Energy Brands
- Type: Subsidiary
- Industry: Beverage manufacturing and bottling
- Founded: May 22, 1996; 30 years ago
- Founders: J. Darius Bikoff Mike Repole
- Headquarters: Whitestone, Queens, New York, United States
- Number of locations: 37
- Key people: Mike Repole (president) Mike Venuti (CFO) Carol Dollard (COO) Rohan Oza (CMO)
- Products: VitaminWater SmartWater VitaminWater10 VitaminWaterZero
- Revenue: US$350 million (2006)
- Number of employees: 750
- Parent: The Coca-Cola Company
- Website: drinksmartwater.com

= Energy Brands =

Coca-Cola Company subsidiary

Energy Brands Inc., also doing business as Glacéau, is a privately owned subsidiary of the Coca-Cola Company based in Whitestone, Queens, New York, that manufactures and distributes various lines of drinks marketed as enhanced water. After founding the Glacéau Water Co. in January 1994, J. Darius Bikoff founded Energy Brands in May 1996 to distribute Glacéau's electrolyte enhanced line of water called Smartwater to health food stores and independent retailers in the New York area.' Adding Fruitwater and Vitaminwater to its line in 1998 and 2000, respectively, the company expanded to nationwide distribution in the early 2000s.

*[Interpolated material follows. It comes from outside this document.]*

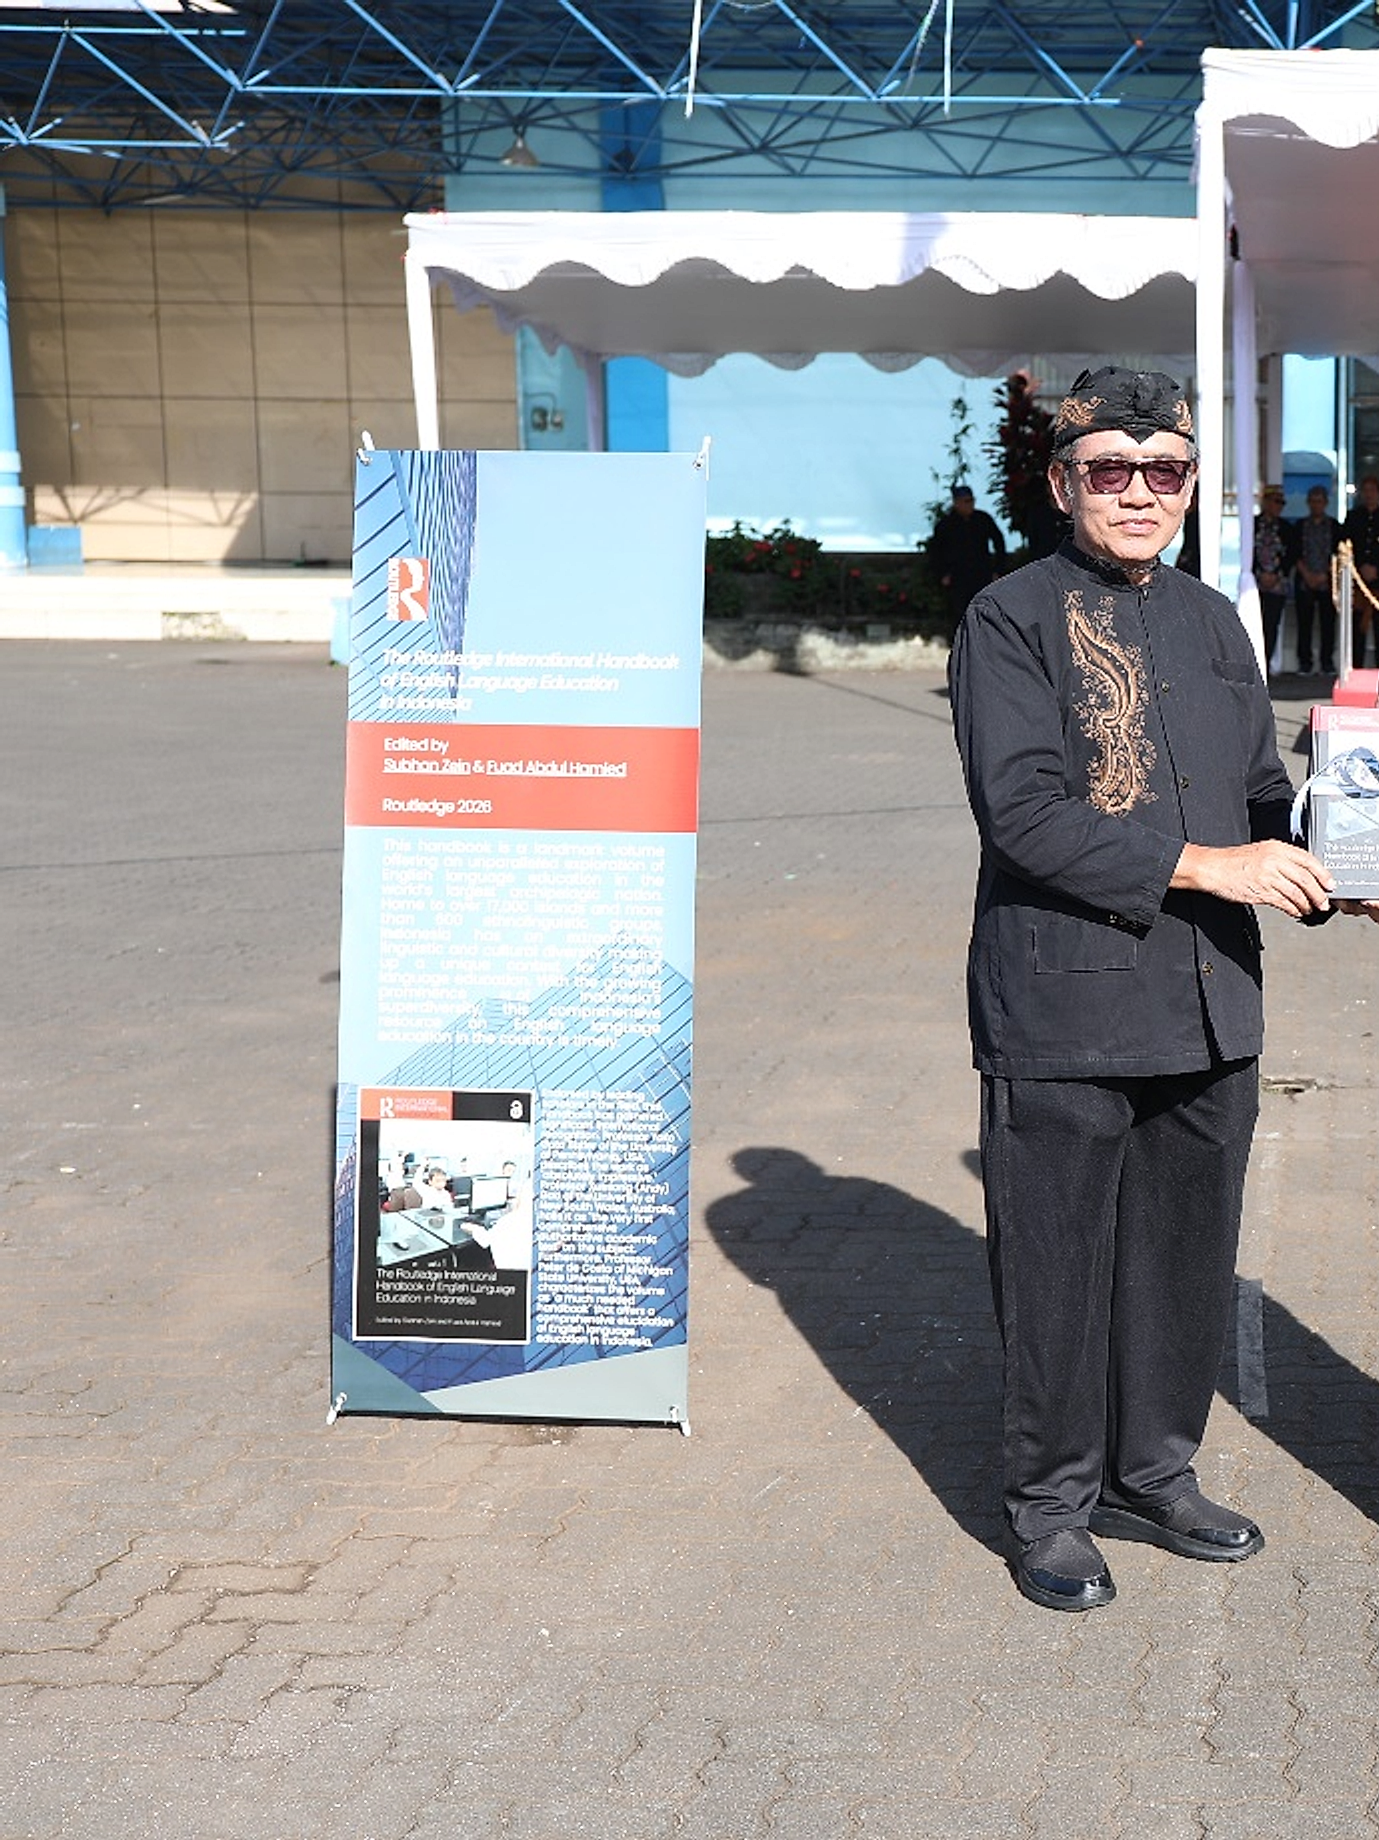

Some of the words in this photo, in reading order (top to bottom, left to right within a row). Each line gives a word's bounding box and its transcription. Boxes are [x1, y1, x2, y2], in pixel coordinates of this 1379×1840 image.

By 2002, the Glacéau line of waters was the top-selling enhanced water brand in the United States, with the company's Vitaminwater being its best-selling product. In 2006, the company earned US$350 million in revenue. The company then began its global expansion, launching its products in the United Kingdom and Australia in 2008, France in 2009 and Argentina in 2011.

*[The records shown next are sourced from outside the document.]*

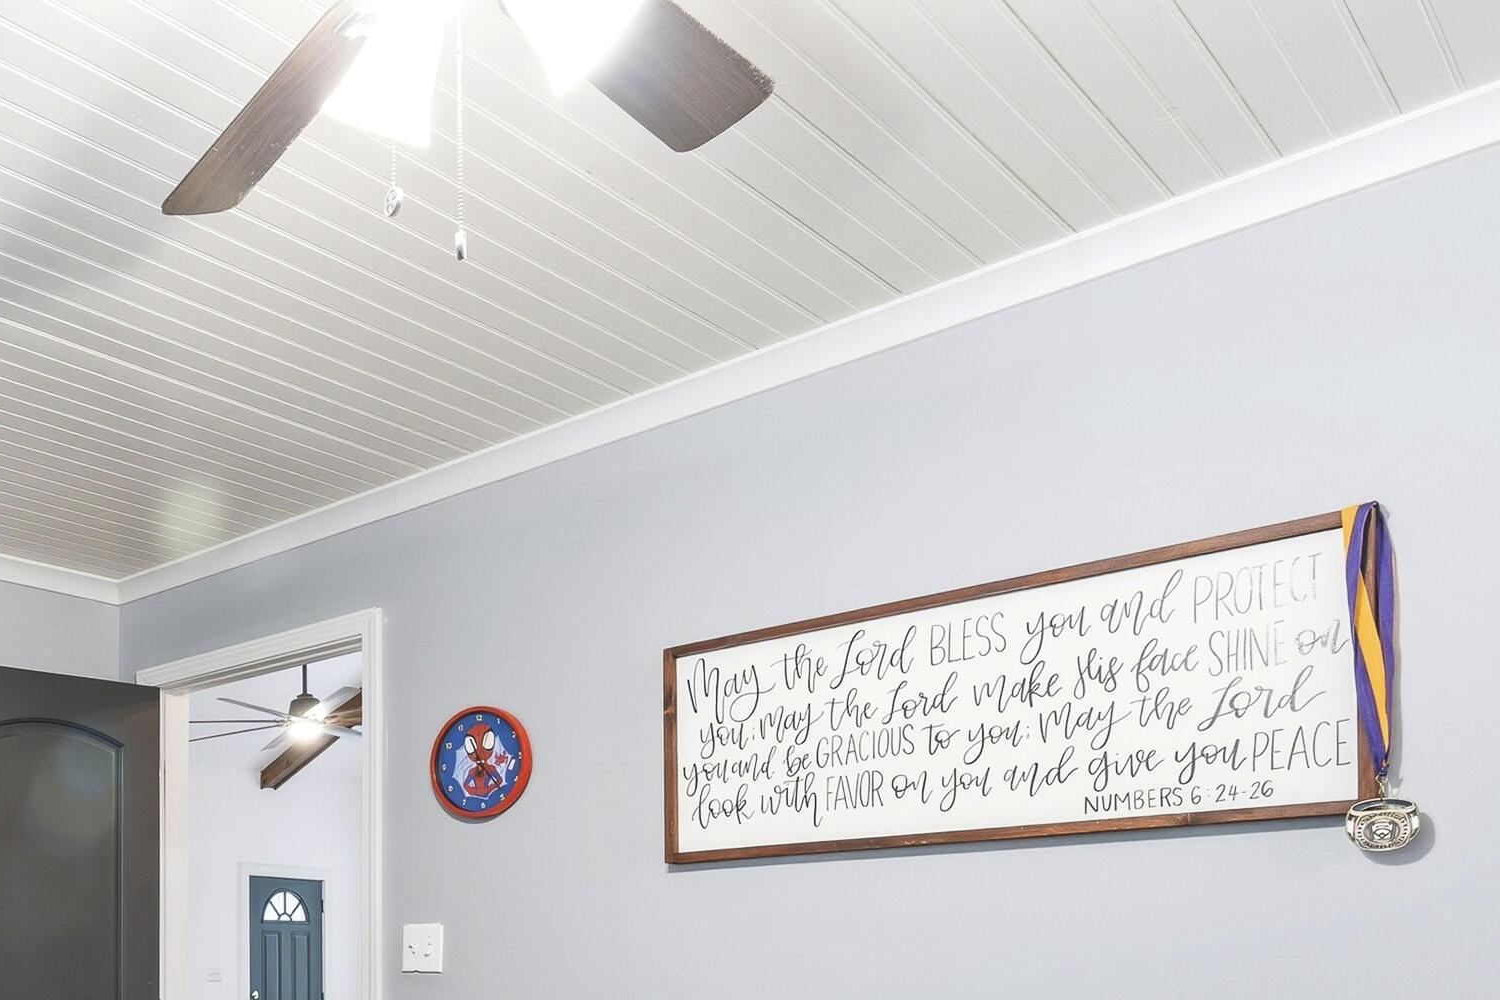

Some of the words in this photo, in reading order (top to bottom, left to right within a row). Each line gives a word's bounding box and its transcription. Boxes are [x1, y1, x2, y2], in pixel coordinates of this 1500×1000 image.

[687, 658, 776, 724] May
[770, 644, 828, 693] the
[830, 625, 917, 689] Lord
[930, 612, 1007, 666] BLESS
[1019, 606, 1092, 665] you
[1100, 569, 1184, 636] and
[1193, 552, 1323, 624] PROTECT
[824, 688, 878, 731] the
[882, 671, 958, 724] Lord
[973, 660, 1063, 713] make
[1073, 647, 1124, 700] His
[1130, 638, 1199, 693] face
[1208, 620, 1288, 677] SHINE
[1295, 618, 1350, 655] on
[683, 759, 729, 797] you
[731, 746, 777, 781] and
[783, 745, 812, 777] be
[816, 723, 915, 768] GRACIOUS
[921, 723, 961, 756] to
[1130, 686, 1193, 730] the
[1197, 664, 1326, 732] Lord
[692, 783, 754, 829] look
[761, 772, 823, 827] with
[826, 770, 883, 811] FAVOR
[891, 770, 933, 804] on
[939, 767, 992, 812] you
[1003, 746, 1079, 797] and
[1088, 750, 1165, 792] give
[1174, 738, 1247, 785] you
[1253, 718, 1351, 772] PEACE
[1084, 787, 1183, 814] NUMBERS

Energy Brands is owned primarily by Bikoff, employees, and small investors. Rapper 50 Cent obtained a minority share of the company as part of an endorsement deal in the company. Thirty percent of the equity was sold to LVMH sometime in the 2000s, which in turn sold those shares. The shares eventually were sold to India-based Tata Group in August 2006, which held the shares until May 2007 when the Coca-Cola Company purchased the company as an independent subsidiary, leaving its actual operations with its existing management including Bikoff.

==History==
J. Darius Bikoff, a self-proclaimed health nut born on September 21, 1961, first conceived of the idea of vitamin-enhanced water in 1994. According to him, he was feeling "run down" and concerned he was catching a cold, so he took some Vitamin C and drank some mineral water. As he consumed the items, he started thinking about the idea of having them together instead of having to take them separately. He founded Energy Brands on May 22, 1996 using his personal savings and contracting with an aquifer in Connecticut for the base water used. The individual products used the existing Glacéau brand, which itself was founded by Bikoff in January 1994.' The first product distributed by Energy Brands was Glacéau Smartwater.

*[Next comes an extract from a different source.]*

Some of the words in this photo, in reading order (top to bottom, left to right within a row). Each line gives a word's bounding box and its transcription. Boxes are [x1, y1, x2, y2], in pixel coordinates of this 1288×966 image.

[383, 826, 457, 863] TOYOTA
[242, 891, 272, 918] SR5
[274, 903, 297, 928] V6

Reflecting on the company's early history, Bikoff notes that it was "very tough" as he struggled with founding the company having no actual experience in beverage manufacturing, beyond working in an aluminum fabrication factory. While launching his company, he was also having to deal with personal struggles including a divorce and having to file for bankruptcy. He started by personally introducing Smartwater to smaller independent natural food stores around New York, moving to a statewide launch when the product became successful. He used this same basic method, adding in "mom-and-pop stores", for the launches of Fruitwater and Vitaminwater in 1998 and 2000, respectively. By 2001, the company's drinks were sold in over 4,000 retail stores in the New York area. According to Bikoff, this enabled his products to go unnoticed by the large beverage makers until the product was firmly established, when he could then cultivate relationships with various independent distributors, opening the way for nationwide distribution.

Bikoff eventually allowed LVMH to buy a 30% equity share in the company. LVMH later sold the stake to another investor, who in turn sold it again. The shares ended up in the hands of India-based Tata Group in August 2006, which paid $677 million for the 30% equity, seeking to expand its American business interests.

===Acquisition by Coca-Cola===
On May 25, 2007, the company was acquired by the Coca-Cola Company for $4.1 billion in cash.

$1.2 billion of the sales went to the Tata Group for its 30% minority ownership, which Tata agreed to sell. Under the purchase agreement, Energy Brands remains nearly autonomous as a subsidiary of Coca-Cola, with Coca-Cola primarily operating with a hands-off method, leaving Bikoff and Energy Brands principal operating officers in charge. In discussing the role of Coca-Cola, Bikoff states: "We run independently, we have our own offices. If Coca-Cola don't call me, I don't call them."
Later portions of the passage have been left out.